3- External Function Execution: The LLM then selects and executes an external function, in this case, “get_website_response_time(url).”

4- Response Generation: Having obtained the real-time data, the AI crafts and delivers a response based on the result.

Getting Started

In this guide, we’re going to build AI agents from scratch using Python. Let’s start by setting up a new Python project.

You can choose any IDE, but for this guide, I’ll be using Visual Studio Code.

Create and Activate a Virtual Environment

  • Open your terminal.
  • Create a new virtual environment and activate it.

Install the OpenAI Package

For this example, we’ll be using the OpenAI API as our large language model, although you could alternatively use models from Anthropic, Gemini, or even open-source models.

Ensure your API key is ready. Create a .env file in your project and add your key like so

OPENAI_API_KEY = "sk-XX"

With the virtual environment active, install the OpenAI Python package:

pip install openai

Done? Great ✅

Set Up Your Project Files

Create three Python files: actions.py, prompts.py, and main.py.
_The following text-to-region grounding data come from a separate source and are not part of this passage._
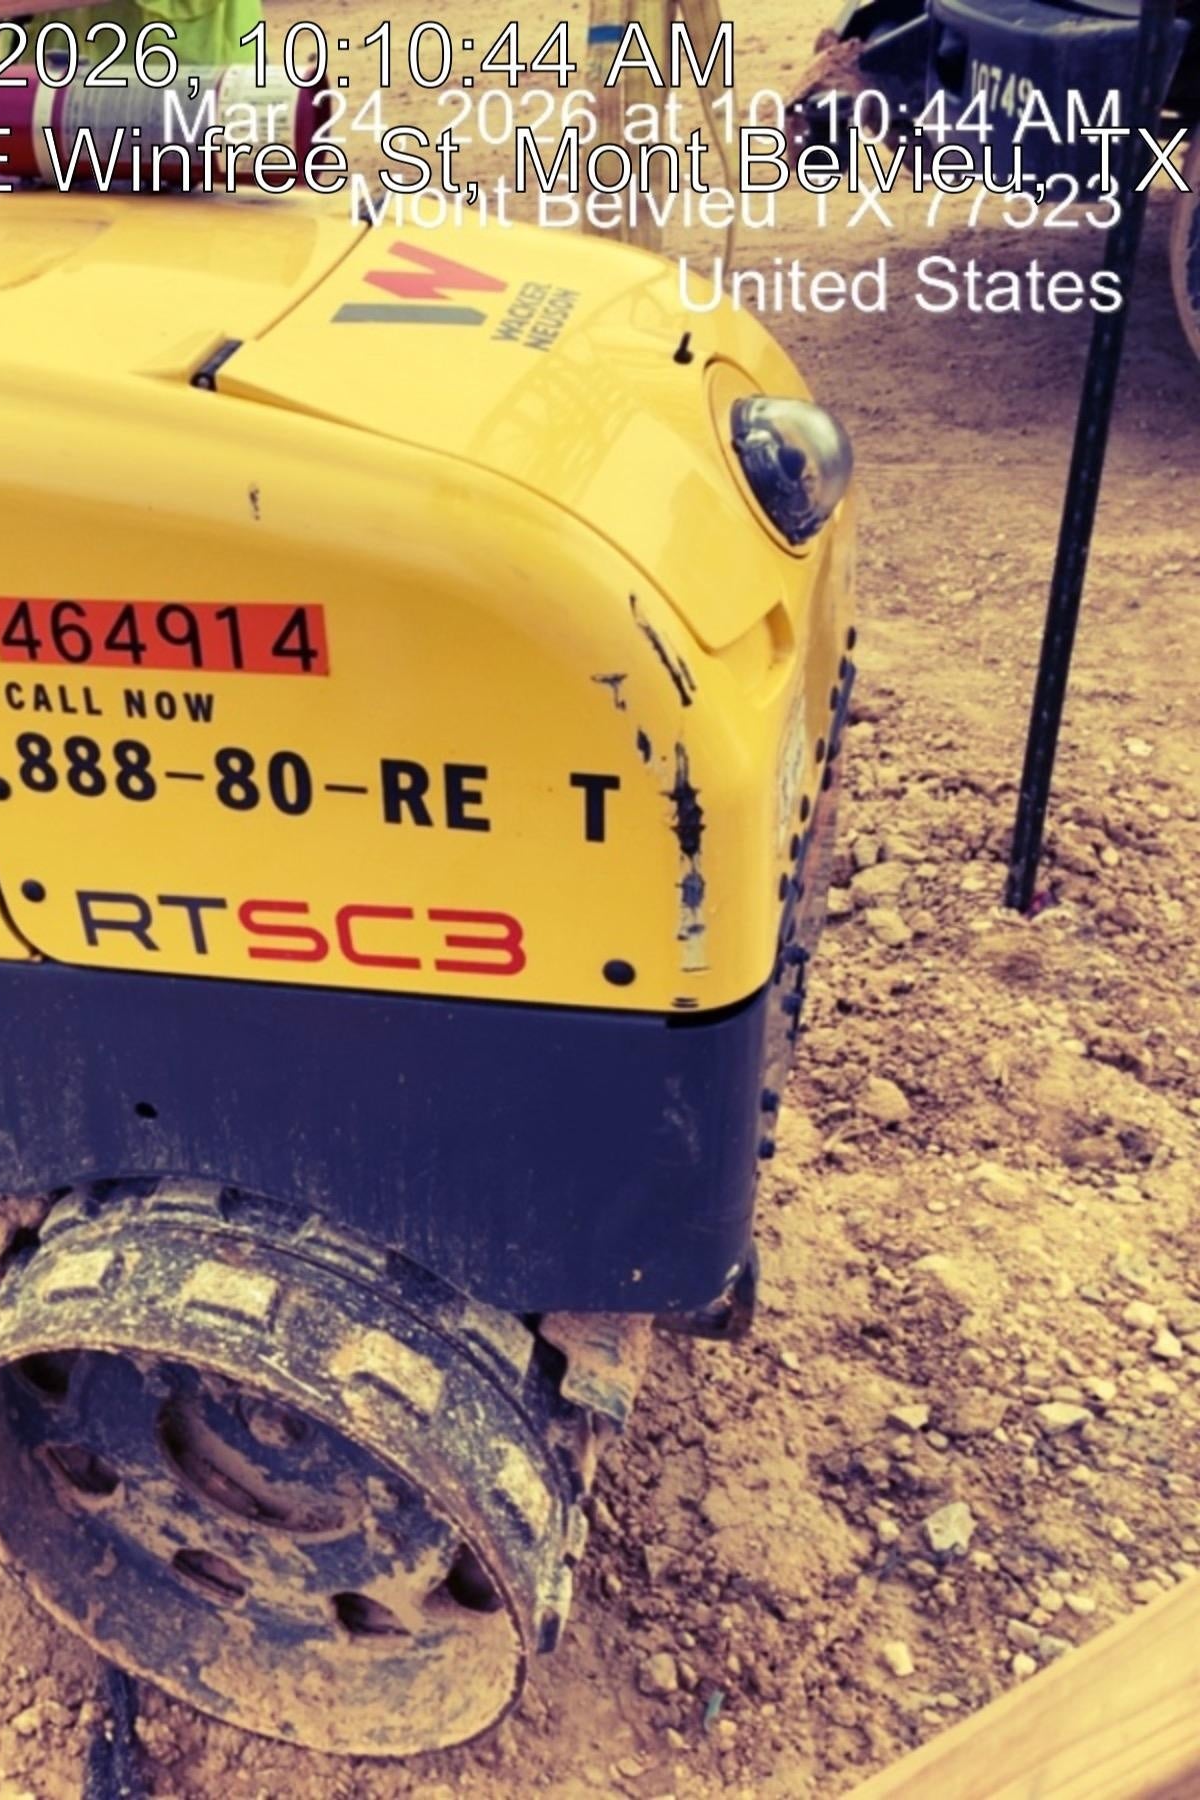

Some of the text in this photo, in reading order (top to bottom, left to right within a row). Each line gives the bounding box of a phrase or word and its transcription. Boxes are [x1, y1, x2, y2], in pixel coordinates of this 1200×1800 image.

[490, 281, 552, 341] WACKER
[522, 287, 581, 352] NEUSON
[0, 600, 319, 672] 464914
[5, 681, 214, 722] CALL NOW
[75, 890, 527, 976] RTSC3
You should have now something like this:

Generate Text with OpenAI API

Open the main.py file and create a simple function to generate text using the OpenAI API. This function will power our AI agent:

Here is the code:

from openai import OpenAI
import os
from dotenv import load_dotenv

# Load environment variables
load_dotenv()

# Create an instance of the OpenAI class
openai_client = OpenAI(api_key=os.getenv("OPENAI_API_KEY"))
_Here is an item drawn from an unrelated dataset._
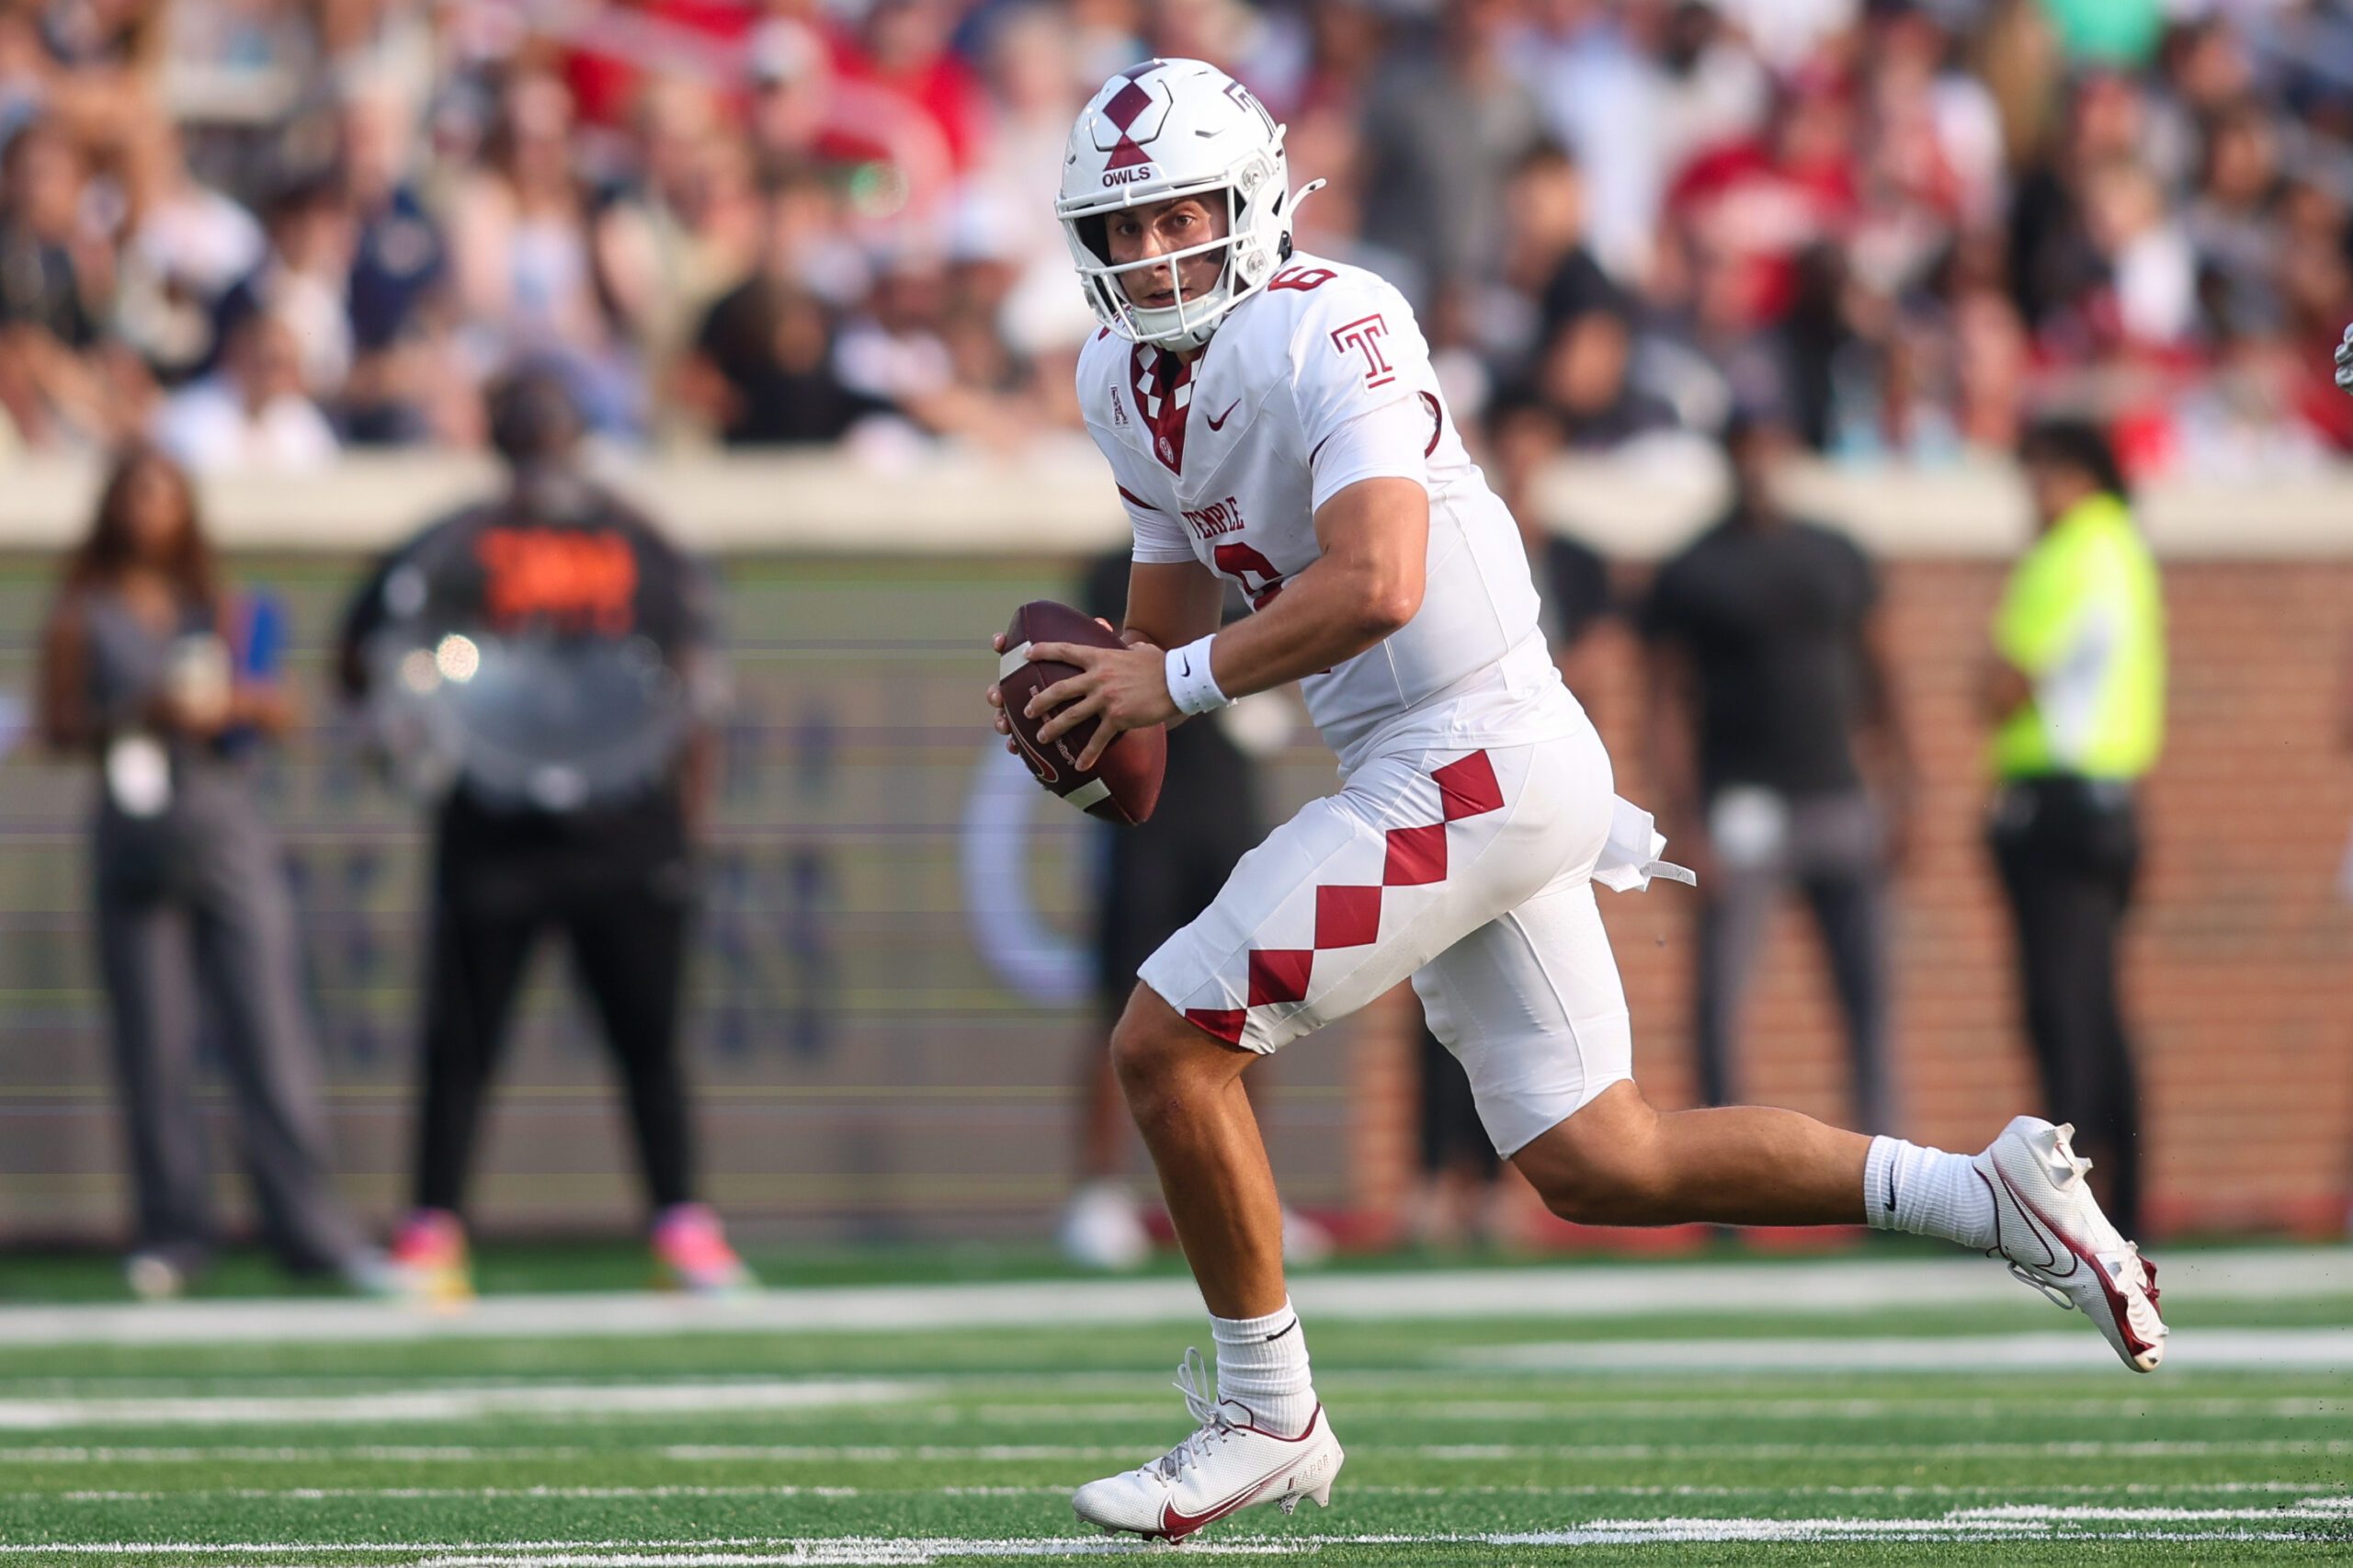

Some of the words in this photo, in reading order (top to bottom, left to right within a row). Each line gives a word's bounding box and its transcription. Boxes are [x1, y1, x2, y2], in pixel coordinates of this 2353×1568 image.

[1102, 166, 1151, 187] OWLS
[1267, 266, 1338, 291] 6
[1330, 313, 1396, 389] T
[1180, 496, 1245, 540] TEMPLE
def generate_text_with_conversation(messages, model = "gpt-3.5-turbo"):
response = openai_client.chat.completions.create(
model=model,
messages=messages
)
return response.choices[0].message.content

This script loads your API key from the .env file and creates an instance of OpenAI to handle requests.

The generate_text_with_conversation function is straightforward, taking two parameters—model and messages—to generate a response.

Test Your Function

Before moving on, let’s ensure everything is working as expected. Test the function by simulating a conversation:

# Define a list of messages to simulate a conversation

# Define a list of messages to simulate a conversation
test_messages = [
{"role": "user", "content": "Hello, how are you?"},
{"role": "system", "content": "You are a helpful AI assistant"}
]
# Call the function with the test messages
response = generate_text_with_conversation(test_messages)
print("AI Response:", response)

Done? Perfect! ✅

Now that our basic setup is complete, we’re ready to move on to the core parts of building our agent.

Define the Functions

In this part of the guide, we will specify the actions or functions that our AI agent can access. This enables the agent to utilize external functionalities when responding to user queries.

Create Basic Functionality

Open the actions.py file. Here, we’ll define a simple function to simulate response times for different websites:

def get_response_time(url):
if url == "learnwithhasan.com":
return 0.5
if url == "google.com":
return 0.3
if url == "openai.com":
return 0.4

This dummy function returns fixed response times based on the provided URL. It serves as a basic example to help us understand how the agent can utilize external functions.

The ReAct Prompt

The ReAct Prompt is what enables our AI agent to mimic human behavior.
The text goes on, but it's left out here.